Work to be completed →
Write the records out again without change. Leave the pictures behind.

Task material →
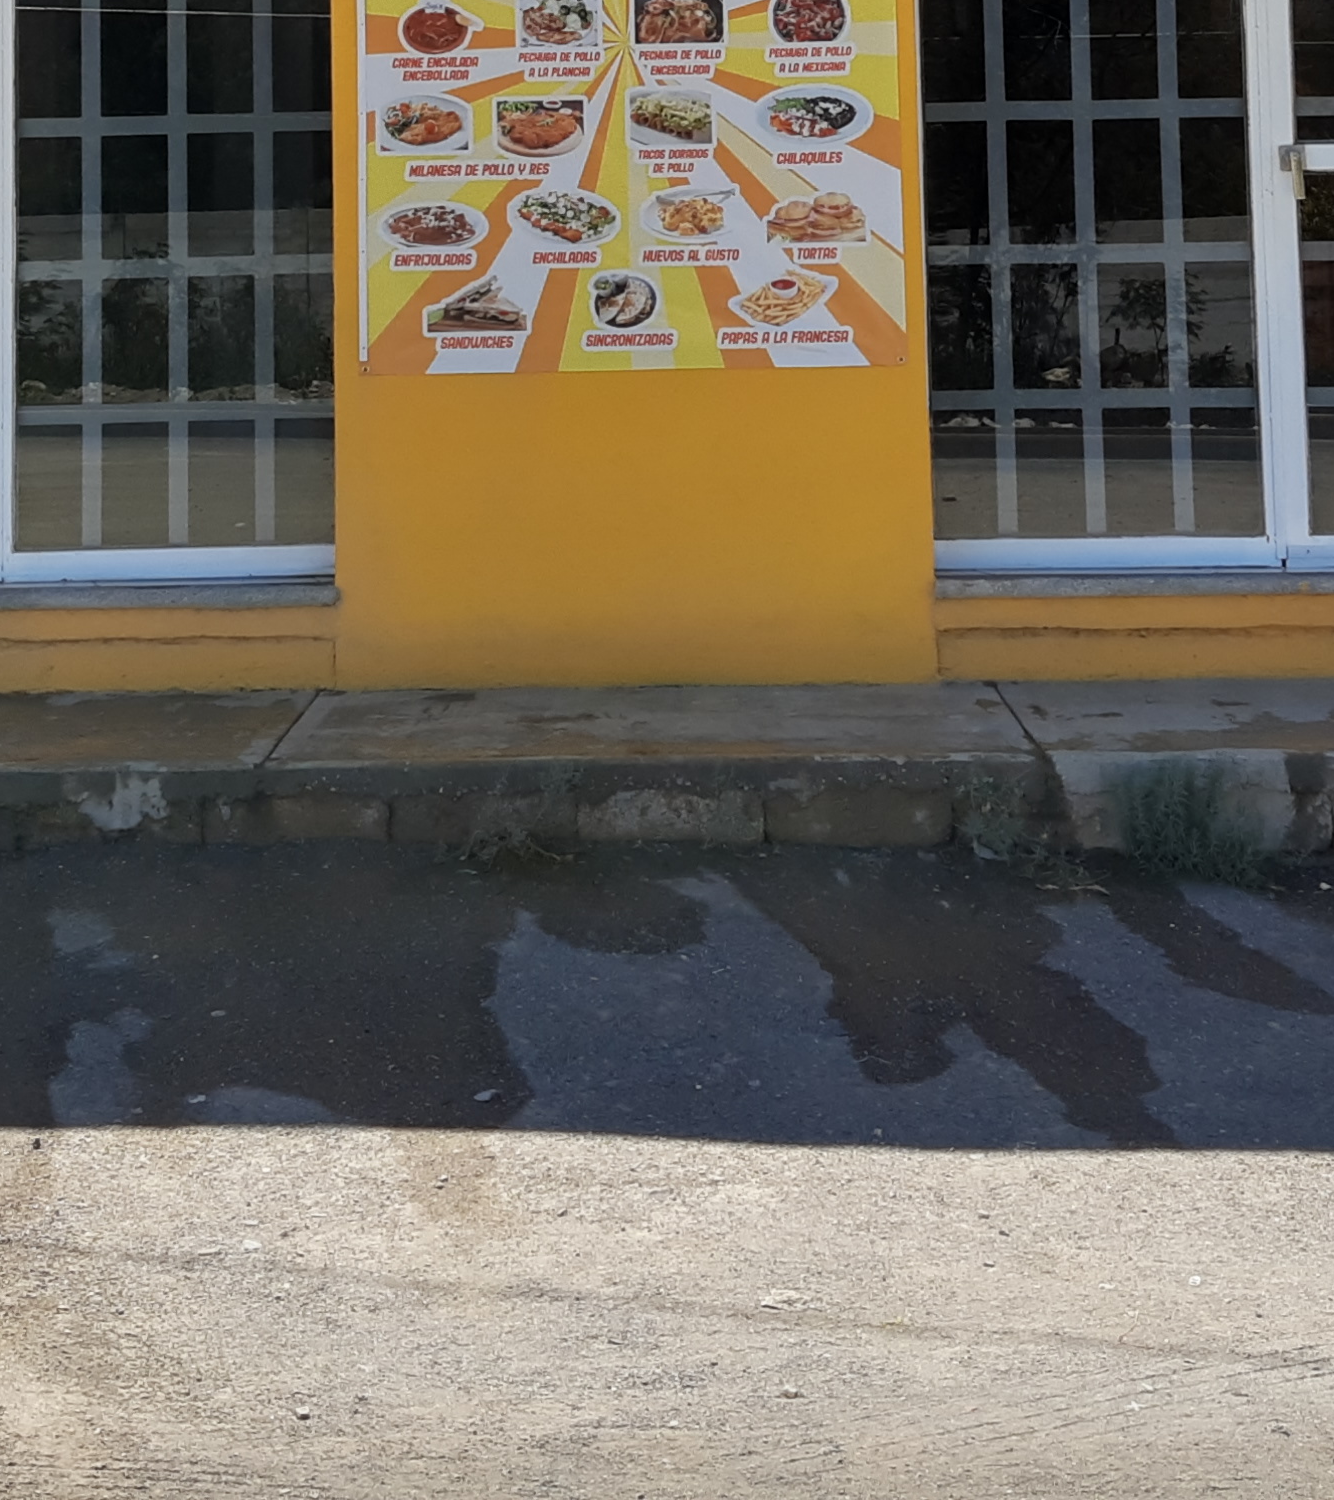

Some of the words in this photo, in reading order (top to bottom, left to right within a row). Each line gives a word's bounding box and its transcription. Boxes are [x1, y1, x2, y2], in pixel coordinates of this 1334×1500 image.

[518, 52, 557, 63] PECHUGA
[560, 52, 572, 62] DE
[574, 51, 601, 62] POLLO
[639, 50, 679, 61] PECHUGA
[681, 50, 693, 61] DE
[694, 49, 722, 60] POLLO
[769, 48, 809, 59] PECHUGA
[811, 47, 823, 57] DE
[825, 46, 852, 57] POLLO
[392, 57, 423, 69] CARNE
[426, 56, 479, 68] ENCHILADA
[779, 63, 786, 74] A
[788, 63, 800, 73] LA
[802, 62, 846, 73] MEXICANA
[402, 69, 469, 82] ENCEBOLLADA
[528, 68, 535, 78] A
[537, 68, 550, 77] LA
[551, 66, 591, 77] PLANCHA
[650, 64, 710, 76] ENCEBOLLADA
[638, 149, 665, 160] TACOS
[668, 149, 709, 160] DORADOS
[777, 152, 842, 166] CHILAQUILES
[409, 163, 461, 177] MILANESA
[464, 163, 479, 176] DE
[481, 163, 515, 176] POLLO
[518, 163, 527, 175] Y
[528, 162, 550, 175] RES
[652, 163, 665, 174] DE
[667, 162, 694, 173] POLLO
[394, 253, 473, 267] ENFRIJOLADAS
[532, 251, 597, 264] ENCHILADAS
[642, 249, 684, 263] HUEVOS
[687, 249, 701, 262] AL
[704, 248, 740, 261] GUSTO
[797, 247, 838, 260] TORTAS
[440, 336, 514, 350] SANDWICHES
[586, 333, 674, 348] SINCRONIZADAS
[721, 332, 758, 345] PAPAS
[761, 331, 770, 344] A
[773, 331, 788, 344] LA
[791, 330, 849, 343] FRANCESA

Your response →
Some of the words in this photo, in reading order (top to bottom, left to right within a row). Each line gives a word's bounding box and its transcription. Boxes are [x1, y1, x2, y2], in pixel coordinates of this 1334×1500 image.

[518, 52, 557, 63] PECHUGA
[560, 52, 572, 62] DE
[574, 51, 601, 62] POLLO
[639, 50, 679, 61] PECHUGA
[681, 50, 693, 61] DE
[694, 49, 722, 60] POLLO
[769, 48, 809, 59] PECHUGA
[811, 47, 823, 57] DE
[825, 46, 852, 57] POLLO
[392, 57, 423, 69] CARNE
[426, 56, 479, 68] ENCHILADA
[779, 63, 786, 74] A
[788, 63, 800, 73] LA
[802, 62, 846, 73] MEXICANA
[402, 69, 469, 82] ENCEBOLLADA
[528, 68, 535, 78] A
[537, 68, 550, 77] LA
[551, 66, 591, 77] PLANCHA
[650, 64, 710, 76] ENCEBOLLADA
[638, 149, 665, 160] TACOS
[668, 149, 709, 160] DORADOS
[777, 152, 842, 166] CHILAQUILES
[409, 163, 461, 177] MILANESA
[464, 163, 479, 176] DE
[481, 163, 515, 176] POLLO
[518, 163, 527, 175] Y
[528, 162, 550, 175] RES
[652, 163, 665, 174] DE
[667, 162, 694, 173] POLLO
[394, 253, 473, 267] ENFRIJOLADAS
[532, 251, 597, 264] ENCHILADAS
[642, 249, 684, 263] HUEVOS
[687, 249, 701, 262] AL
[704, 248, 740, 261] GUSTO
[797, 247, 838, 260] TORTAS
[440, 336, 514, 350] SANDWICHES
[586, 333, 674, 348] SINCRONIZADAS
[721, 332, 758, 345] PAPAS
[761, 331, 770, 344] A
[773, 331, 788, 344] LA
[791, 330, 849, 343] FRANCESA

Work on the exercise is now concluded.